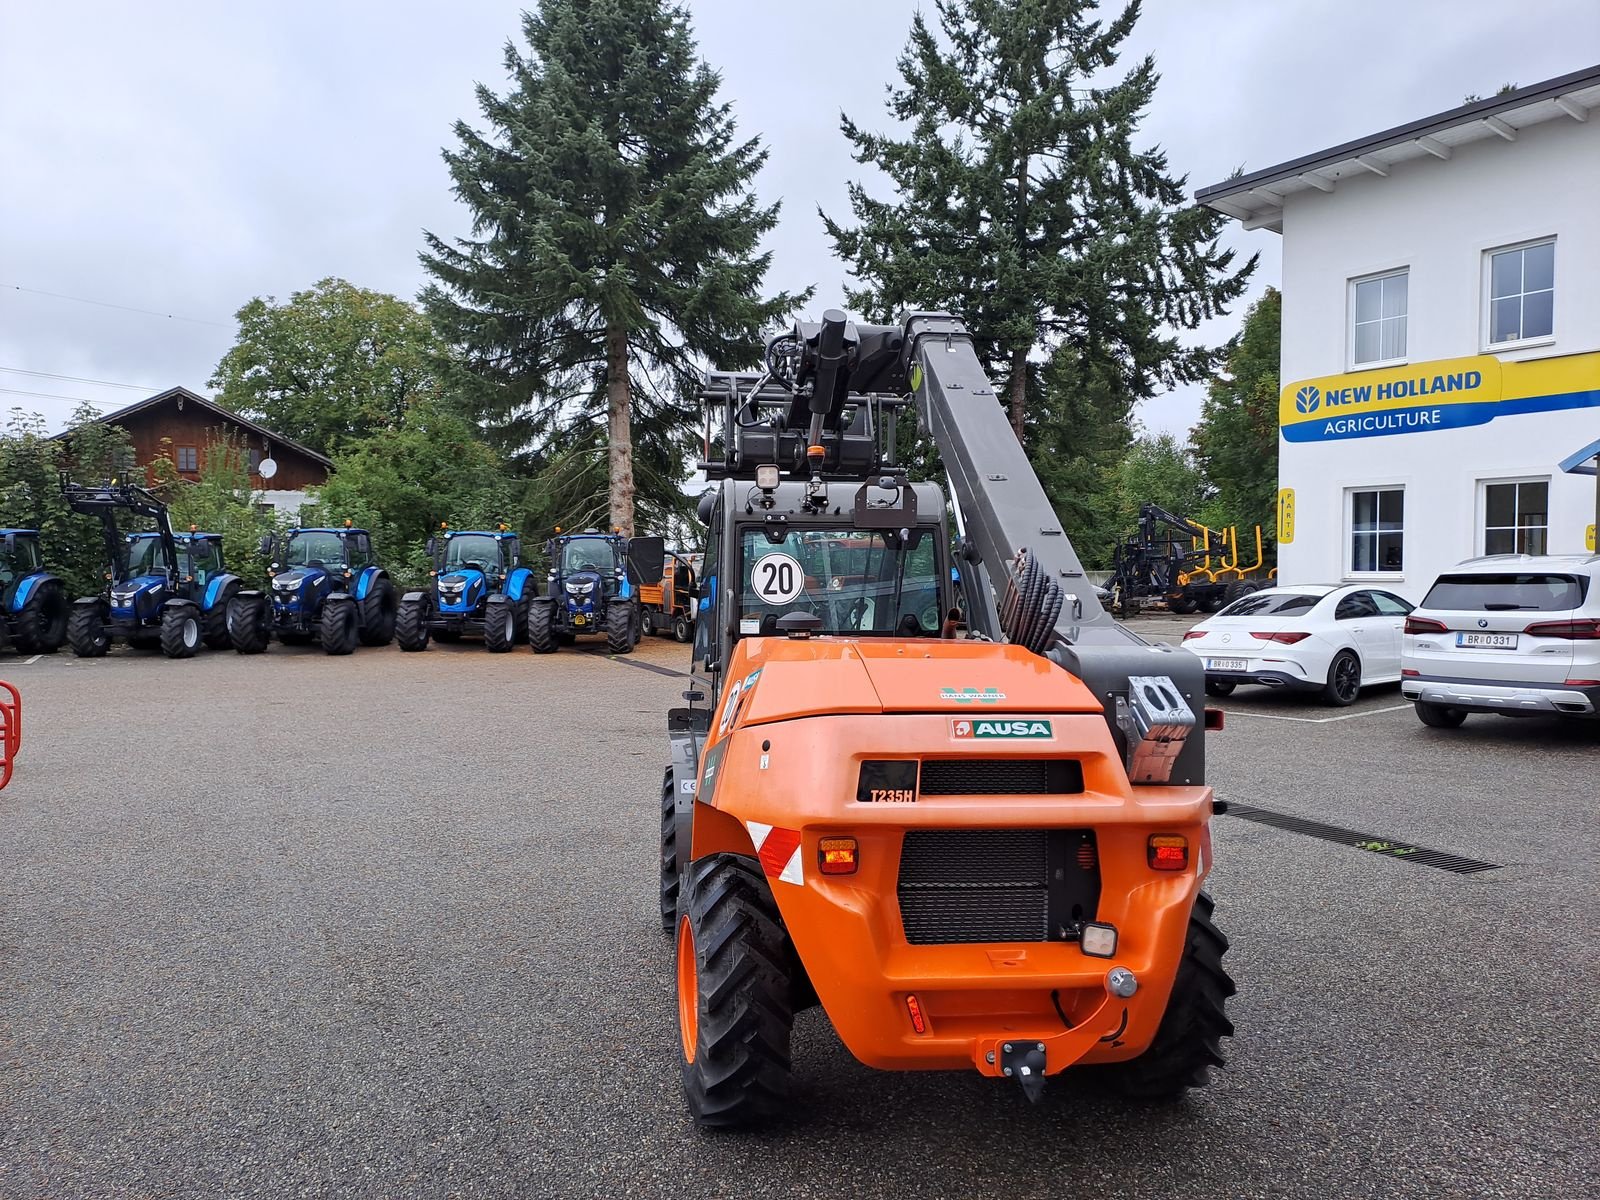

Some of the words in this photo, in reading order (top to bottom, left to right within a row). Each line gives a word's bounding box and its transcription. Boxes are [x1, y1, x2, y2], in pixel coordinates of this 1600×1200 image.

[1325, 385, 1372, 407] NEW
[1377, 371, 1481, 400] HOLLAND
[1324, 409, 1441, 435] AGRICULTURE
[762, 562, 794, 595] 20
[1467, 635, 1480, 644] BR
[976, 721, 1050, 736] AUSA
[870, 789, 914, 803] T235H
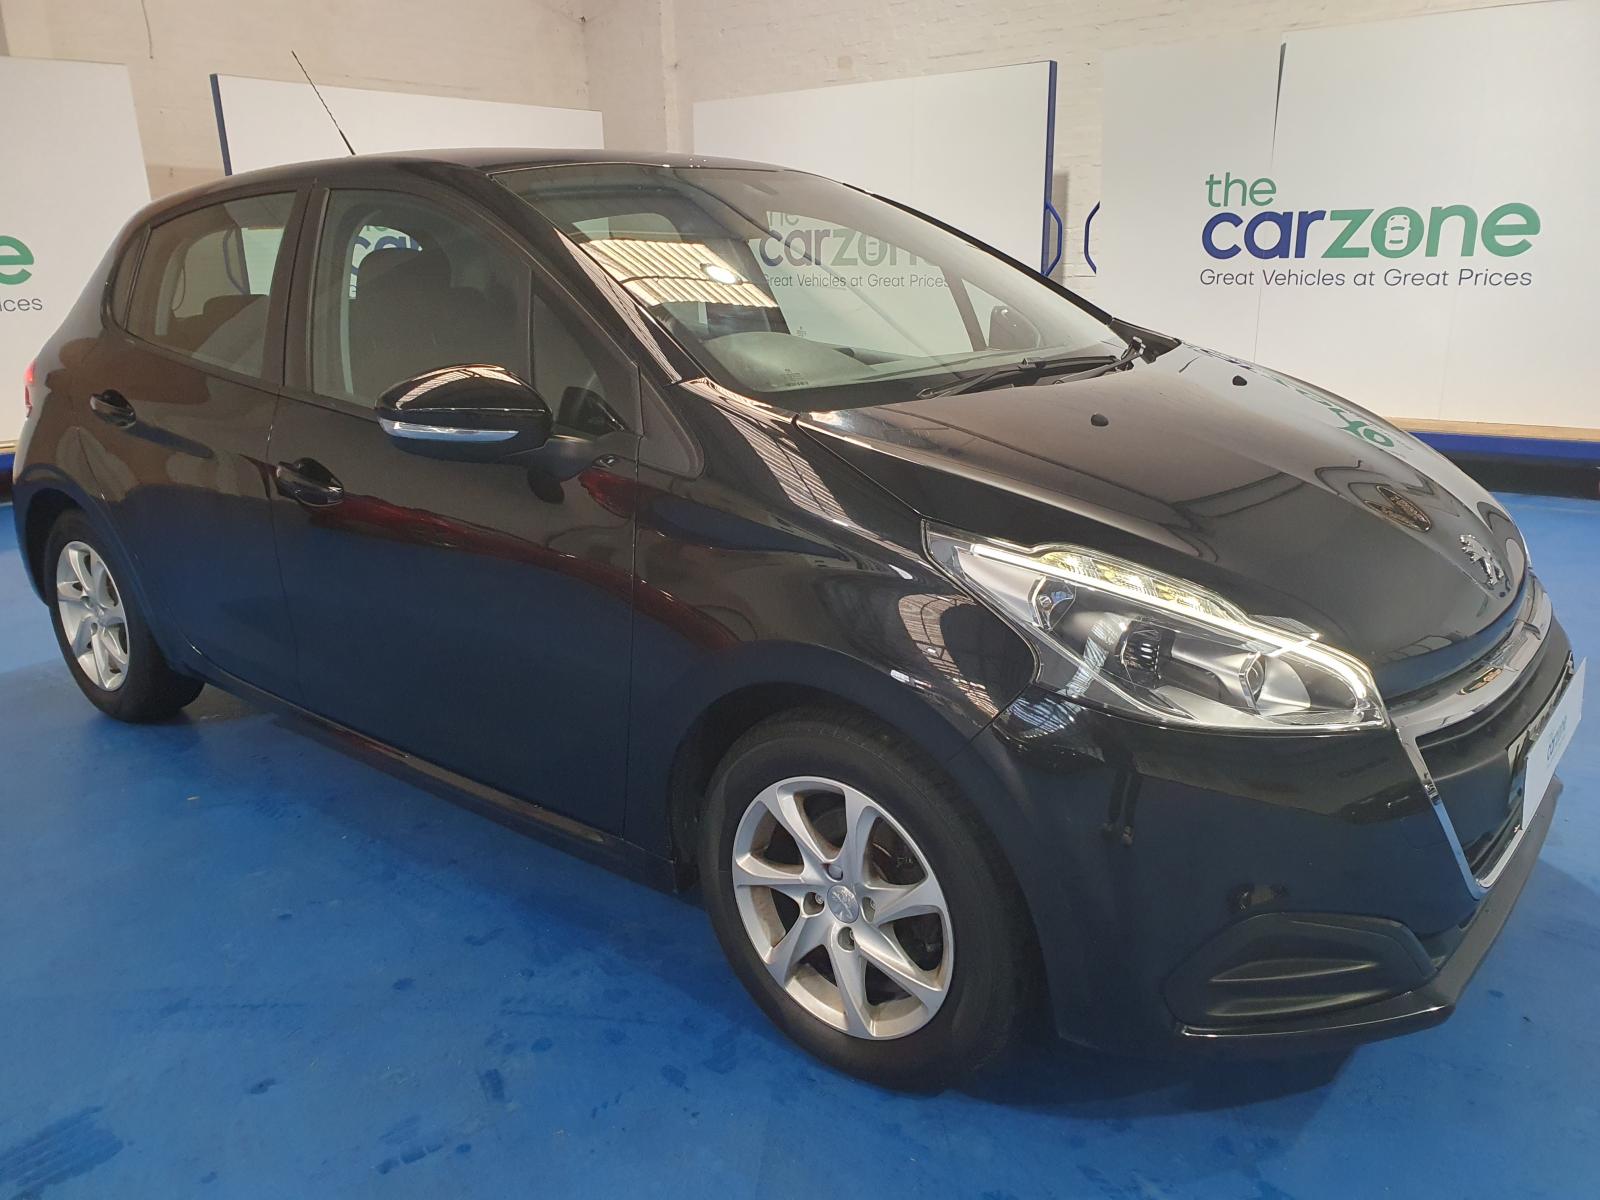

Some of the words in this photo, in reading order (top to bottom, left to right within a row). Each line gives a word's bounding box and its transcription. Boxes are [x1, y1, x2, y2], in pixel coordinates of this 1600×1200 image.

- **Brief**
Copy out all of the listing word for word, but skip the images.

- **Task response**
Some of the words in this photo, in reading order (top to bottom, left to right within a row). Each line gives a word's bounding box and its transcription. Boxes are [x1, y1, x2, y2], in pixel coordinates of this 1600×1200 image.

[1325, 385, 1372, 407] NEW
[1377, 371, 1481, 400] HOLLAND
[1324, 409, 1441, 435] AGRICULTURE
[762, 562, 794, 595] 20
[1467, 635, 1480, 644] BR
[976, 721, 1050, 736] AUSA
[870, 789, 914, 803] T235H

Some of the words in this photo, in reading order (top to bottom, left to right within a row). Each line gives a word's bounding box and its transcription. Boxes are [x1, y1, x2, y2], in pixel coordinates of this 1600×1200 image.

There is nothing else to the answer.